Nouvelle étude sur le reporting ESG

Nouvelle étude sur le reporting ESG à l’échelle des sites miniers – d’importantes lacunes et des signes encourageants

Une nouvelle étude de la Responsible Mining Foundation révèle les faiblesses en termes de publication d’informations environnementales, sociales et de gouvernance de petites et moyennes entreprises cotées à la bourse de Toronto et ayant des sites miniers en Australie, au Burkina Faso, au Canada, en Côte d’Ivoire, au Libéria, au Mali, Au Mexique en République Kirghize et au Suriname.

L’étude évalue la publication d’informations à l’échelle des sites miniers par 12 entreprises minières et leurs 31 sites miniers situés dans 9 pays. L’évaluation couvre 15 thématiques environnementales, sociales et de gouvernance (ESG) essentielles et relevant de l’intérêt public. Les résultats mettent en évidence une grande variation dans les niveaux de publication, mais également qu’un meilleur reporting est à la portée de nombreuses entreprises.
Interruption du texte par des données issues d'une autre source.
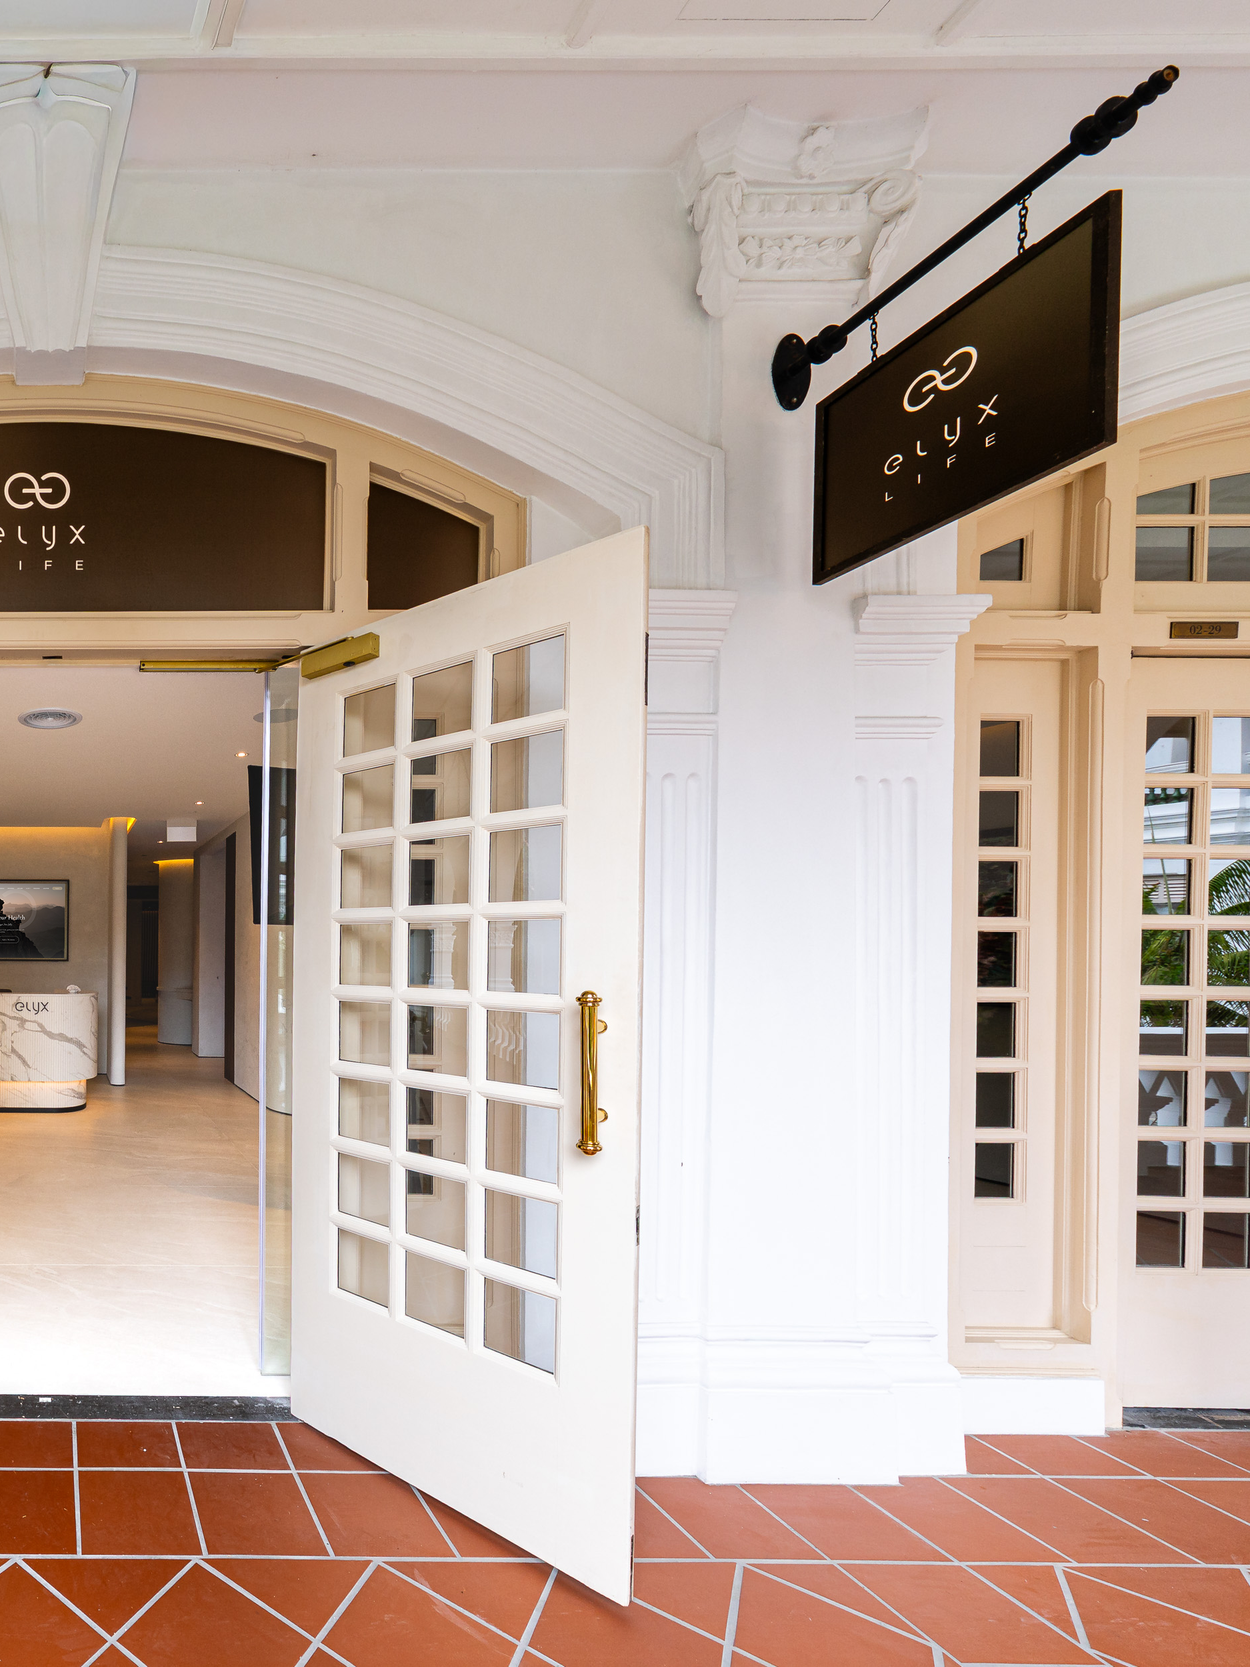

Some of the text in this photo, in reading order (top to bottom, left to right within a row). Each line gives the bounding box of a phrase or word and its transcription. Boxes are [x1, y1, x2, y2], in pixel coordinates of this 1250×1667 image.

[884, 394, 999, 475] elyx
[885, 432, 996, 502] LIFE
[1189, 624, 1222, 635] 02-29
[14, 1001, 49, 1015] elyx
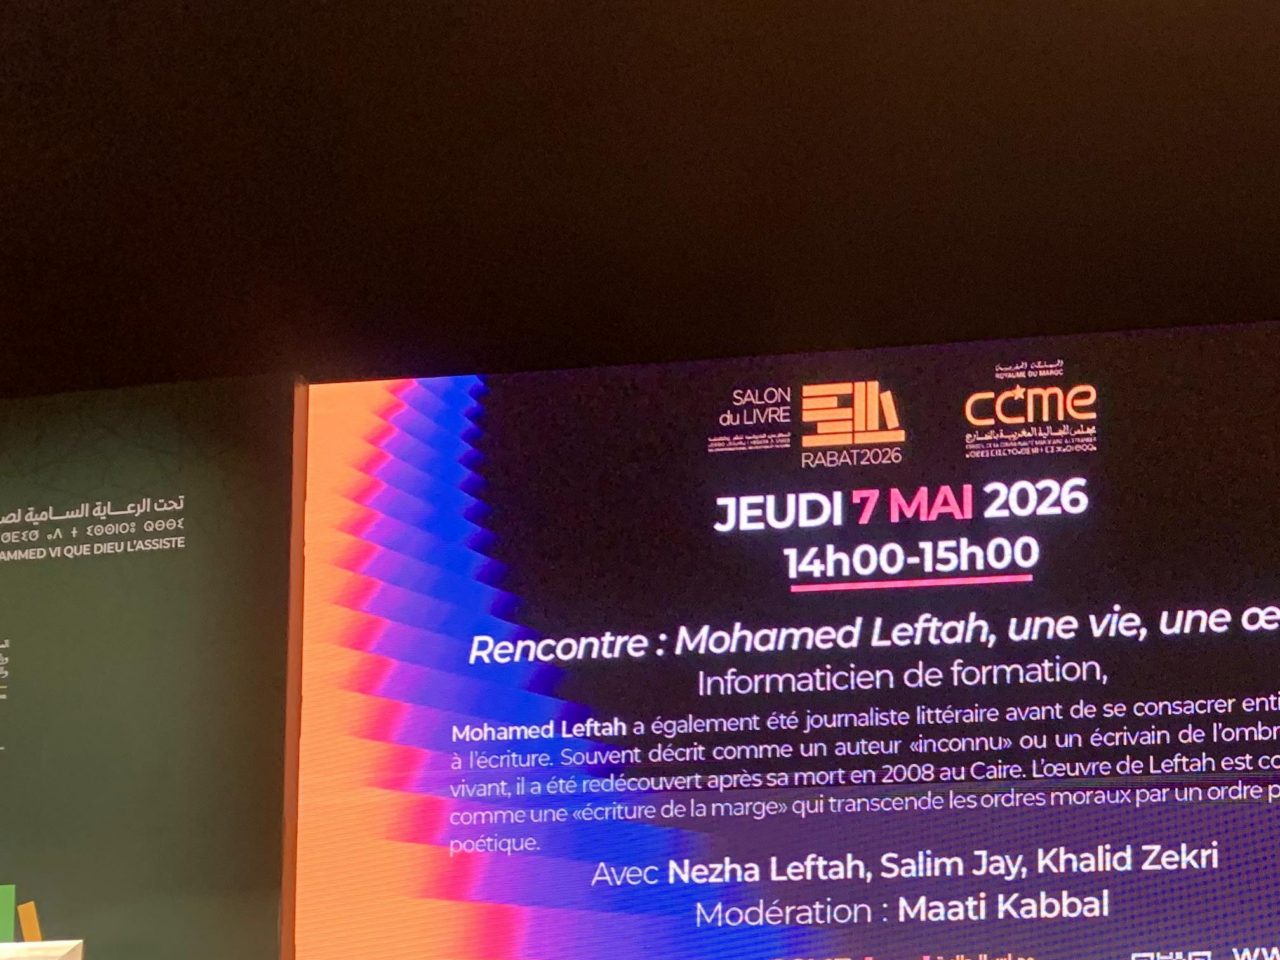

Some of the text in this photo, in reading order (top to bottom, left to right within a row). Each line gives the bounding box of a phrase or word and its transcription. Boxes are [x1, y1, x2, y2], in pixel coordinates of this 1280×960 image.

[719, 406, 791, 426] du LIVRE
[732, 387, 791, 405] SALON
[801, 447, 902, 468] RABAT2026
[25, 495, 185, 525] تحت الرعاية السامية
[713, 477, 1089, 532] JEUDI 7 MAI 2026
[0, 536, 185, 561] AMMED VI QUE DIEU L'ASSISTE
[784, 535, 1040, 579] 14h00-15h00
[469, 633, 650, 665] Rencontre
[674, 616, 864, 655] Mohamed
[871, 611, 997, 648] Leftah,
[1007, 614, 1079, 641] une
[1089, 604, 1149, 642] vie,
[1159, 606, 1232, 634] une
[699, 655, 1109, 697] Informaticien de formation,
[452, 719, 555, 742] Mohamed
[561, 716, 627, 738] Leftah
[633, 721, 645, 735] a
[651, 715, 760, 738] également
[767, 711, 799, 731] été
[803, 707, 909, 733] journaliste
[916, 703, 999, 725] littéraire
[1006, 702, 1063, 721] avant
[1070, 699, 1097, 719] de
[1103, 702, 1126, 718] se
[1133, 697, 1236, 718] consacrer
[451, 752, 462, 770] à
[561, 745, 641, 767] Souvent
[649, 741, 706, 763] décrit
[713, 743, 793, 760] comme
[801, 741, 827, 757] un
[835, 738, 902, 756] auteur
[910, 733, 1013, 754] «inconnu»
[1020, 733, 1047, 749] ou
[1055, 732, 1083, 748] un
[1090, 725, 1171, 747] écrivain
[1178, 723, 1205, 743] de
[450, 777, 512, 799] vivant,
[516, 776, 525, 796] il
[530, 780, 541, 794] a
[546, 774, 577, 794] été
[582, 771, 702, 794] redécouvert
[707, 768, 762, 792] après
[767, 771, 790, 787] sa
[794, 767, 845, 786] mort
[851, 768, 876, 783] en
[882, 763, 935, 784] 2008
[940, 766, 965, 781] au
[970, 761, 1027, 781] Caire.
[1032, 756, 1111, 779] L'œuvre
[1116, 755, 1143, 775] de
[1149, 751, 1216, 774] Leftah
[1221, 752, 1253, 772] est
[450, 808, 526, 825] comme
[530, 806, 567, 823] une
[572, 801, 656, 822] «écriture
[661, 799, 687, 819] de
[691, 799, 707, 818] la
[711, 801, 788, 823] marge»
[792, 795, 825, 817] qui
[829, 790, 943, 813] transcende
[949, 790, 977, 810] les
[980, 787, 1046, 808] ordres
[1051, 788, 1131, 806] moraux
[1136, 785, 1170, 808] par
[1175, 785, 1202, 801] un
[1207, 780, 1263, 802] ordre
[450, 834, 541, 857] poétique.
[591, 841, 1219, 887] Avec Nezha Leftah, Salim Jay, Khalid Zekri
[696, 889, 1110, 927] Modération Maati Kabbal
La publication de données ESG à l’échelle des sites miniers est essentielle pour que les entreprises puissent développer des relations de confiance et engager des discussions constructives sur des questions d’intérêt commun avec les communautés affectées par l’exploitation minière, les travailleuses et travailleurs, les gouvernements, les actionnaires, les investisseurs et d’autres parties prenantes.

Les conclusions principales soulignent un manque d’informations ESG disponibles

Globalement, les scores relatifs à la publication de données ESG à l’échelle des sites miniers sont faibles, avec un score moyen de 11% et seulement trois des 31 sites miniers ayant obtenu un score supérieur à 25%.

Lorsque les entreprises publient des données ESG à l’échelle de leurs sites, elles sont souvent présentées dans un format qui ne permet pas aux autres parties prenantes d’en faire bon usage. C’est par exemple le cas de données environnementales partagées sans informations sur les lieux et dates où les niveaux de pollution ont dépassé les valeurs limite, »

explique Pierre de Pasquale, le chercheur principal de l’étude à la Responsible Mining Foundation.

Les réglementations gouvernementales en matière de reporting contribuent clairement à renforcer les pratiques en termes de publication d’informations, par exemple sur les études d’impact ou les plans de fermeture. De même, les sites miniers soumis aux demandes d’actionnaires ou d’investisseurs afin d’aligner leurs pratiques sur des initiatives internationales ou sur des standards de reporting ont tendance à avoir une publication de données ESG plus solide.

Il est important de noter que la Bourse de Toronto (TSX) et la Bourse de croissance de Toronto (TSX.V), qui comptent le plus grand nombre de sociétés minières cotées au monde, n’imposent pas de règles supplémentaires en termes de reporting ESG au-delà de la réglementation canadienne standard. La Bourse de Toronto fournit néanmoins des recommandations non contraignantes.

Les résultats les plus faibles de l’étude concernent les conditions de travail. Un grand nombre des entreprises évaluées ne sont pas en mesure de démontrer qu’elles fournissent des équipements de sécurité appropriés à tous leurs travailleuses et travailleurs ou qu’elles leur proposent des mécanismes de plainte efficaces.

Le site ayant obtenu le meilleur score se trouve au Burkina Faso et n’est pas le plus grand site de cette étude, à tous points de vue (ni en effectifs, ni en valeur ou volumes de production). En outre, l’étude a mis en lumière des exemples encourageants de pratiques modèles, telles que le dialogue systématique avec les communautés affectées par les activités minières au sujet des résultats des études d’impact sur l’environnement ou pour tester les plans de réponse aux situations d’urgences.

Une meilleure publication de données ESG est à la portée de nombreuses entreprises

La publication d’informations ESG à l’échelle des sites miniers varie considérablement d’une entreprise à l’autre. Quelques-unes des entreprises évaluées collectent et rassemblent déjà certaines données à l’échelle des sites, comme en témoigne leur publication de données agrégées au niveau de l’entreprise. Une meilleure publication des données ESG est clairement réalisable pour de nombreuses petites et moyennes entreprises, sans beaucoup d’efforts supplémentaires.

« Les sociétés minières elles-mêmes ont beaucoup à gagner à renforcer leur capacité à « savoir et faire savoir » comment elles abordent ces questions d’intérêt public », a déclaré Hélène De Villiers-Piaget, directrice de la Responsible Mining Foundation.

Au sujet de la Responsible Mining Foundation

La Responsible Mining Foundation (RMF) est une organisation indépendante à but non lucratif qui encourage l’amélioration continue d’une activité minière responsable en évaluant de manière transparente les performances des sociétés minières, y compris à l’échelle des sites miniers, en mettant en évidence les meilleures pratiques et le partage des connaissances. La Fondation n’accepte pas de financement de l’industrie minière.